INSTRUCTIONS FOR THE TASK ▸ With the pictures excluded, retype the records that follow exactly.

--- RECORDS FOR PROCESSING Enclosed Below ---

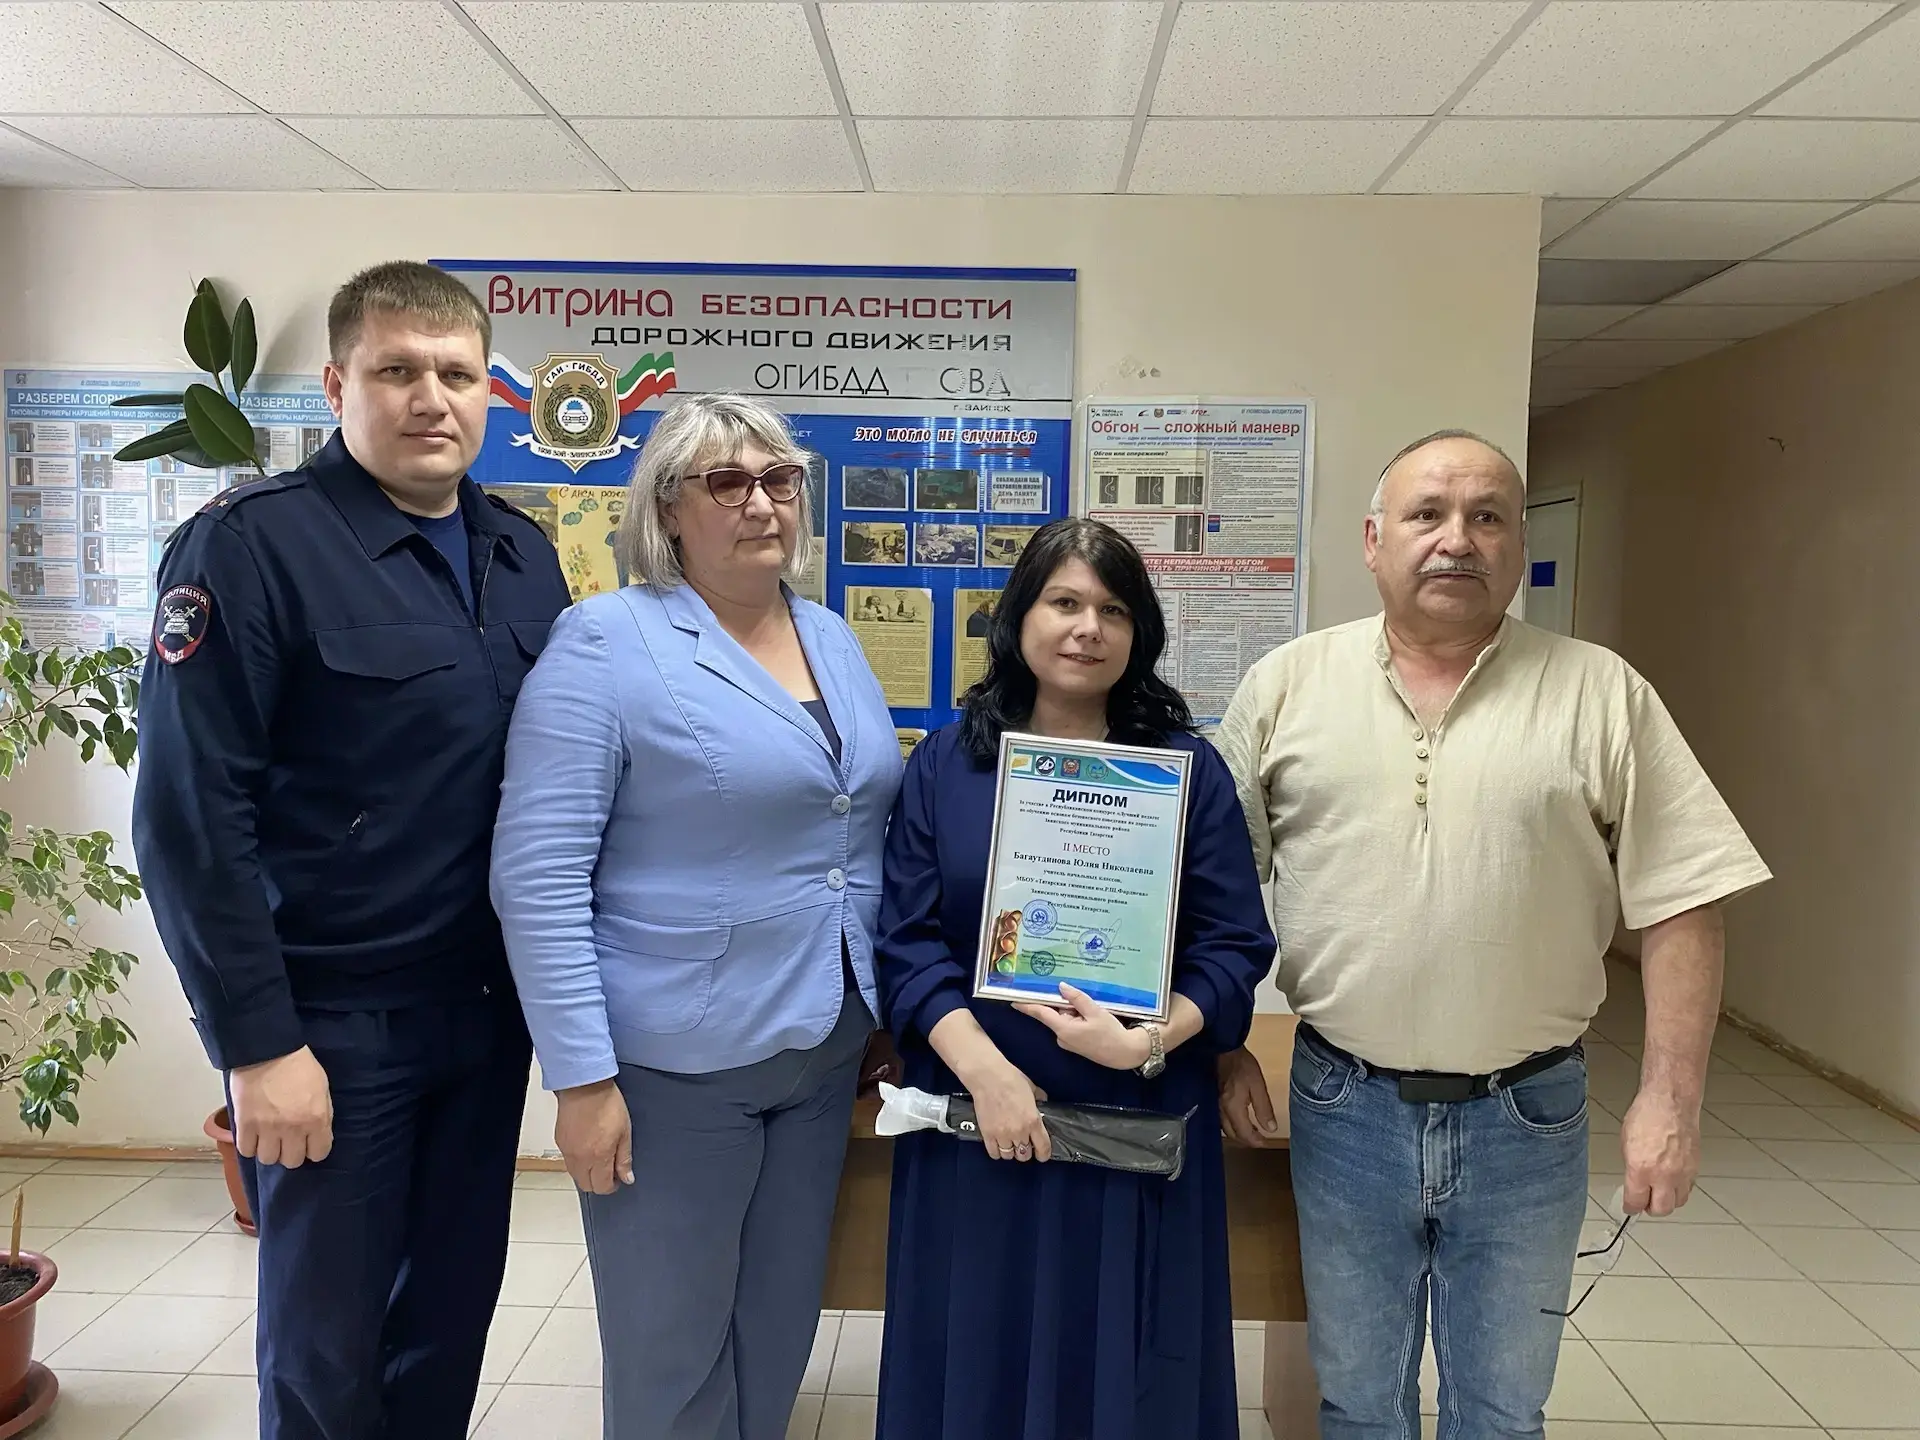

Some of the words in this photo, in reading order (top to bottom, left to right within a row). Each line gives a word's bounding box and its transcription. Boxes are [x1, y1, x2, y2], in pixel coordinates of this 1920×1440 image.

[488, 275, 673, 327] Витрина
[701, 294, 1012, 320] БЕЗОПАСНОСТИ
[591, 327, 813, 347] ДОРОЖНОГО
[825, 332, 1012, 351] ДВИЖЕНИЯ
[546, 366, 564, 384] ГАИ
[572, 363, 605, 386] ГИБДД
[754, 363, 889, 396] ОГИБДД
[18, 392, 80, 404] РАЗБЕРЕМ
[240, 397, 300, 408] РАЗБЕРЕМ
[72, 409, 110, 417] НАРУШЕНИЙ
[856, 426, 882, 442] ЭТО
[886, 428, 932, 443] МОГЛО
[937, 428, 954, 442] НЕ
[961, 428, 1037, 444] СЛУЧИТЬСЯ
[1091, 420, 1139, 434] Обгон
[1164, 420, 1237, 434] сложный
[1242, 423, 1300, 436] маневр
[160, 587, 208, 606] ПОЛИЦИЯ
[164, 650, 184, 663] МВД
[1052, 788, 1128, 808] ДИПЛОМ
[1063, 842, 1070, 852] II
[1072, 844, 1110, 856] МЕСТО
[1014, 852, 1071, 865] Багаутдинова
[1074, 858, 1100, 869] Юлия
[1102, 862, 1154, 876] Николаевна

--- End of Enclosed RECORDS FOR PROCESSING ---

REPLY ▸
Some of the words in this photo, in reading order (top to bottom, left to right within a row). Each line gives a word's bounding box and its transcription. Boxes are [x1, y1, x2, y2], in pixel coordinates of this 1920×1440 image.

[488, 275, 673, 327] Витрина
[701, 294, 1012, 320] БЕЗОПАСНОСТИ
[591, 327, 813, 347] ДОРОЖНОГО
[825, 332, 1012, 351] ДВИЖЕНИЯ
[546, 366, 564, 384] ГАИ
[572, 363, 605, 386] ГИБДД
[754, 363, 889, 396] ОГИБДД
[18, 392, 80, 404] РАЗБЕРЕМ
[240, 397, 300, 408] РАЗБЕРЕМ
[72, 409, 110, 417] НАРУШЕНИЙ
[856, 426, 882, 442] ЭТО
[886, 428, 932, 443] МОГЛО
[937, 428, 954, 442] НЕ
[961, 428, 1037, 444] СЛУЧИТЬСЯ
[1091, 420, 1139, 434] Обгон
[1164, 420, 1237, 434] сложный
[1242, 423, 1300, 436] маневр
[160, 587, 208, 606] ПОЛИЦИЯ
[164, 650, 184, 663] МВД
[1052, 788, 1128, 808] ДИПЛОМ
[1063, 842, 1070, 852] II
[1072, 844, 1110, 856] МЕСТО
[1014, 852, 1071, 865] Багаутдинова
[1074, 858, 1100, 869] Юлия
[1102, 862, 1154, 876] Николаевна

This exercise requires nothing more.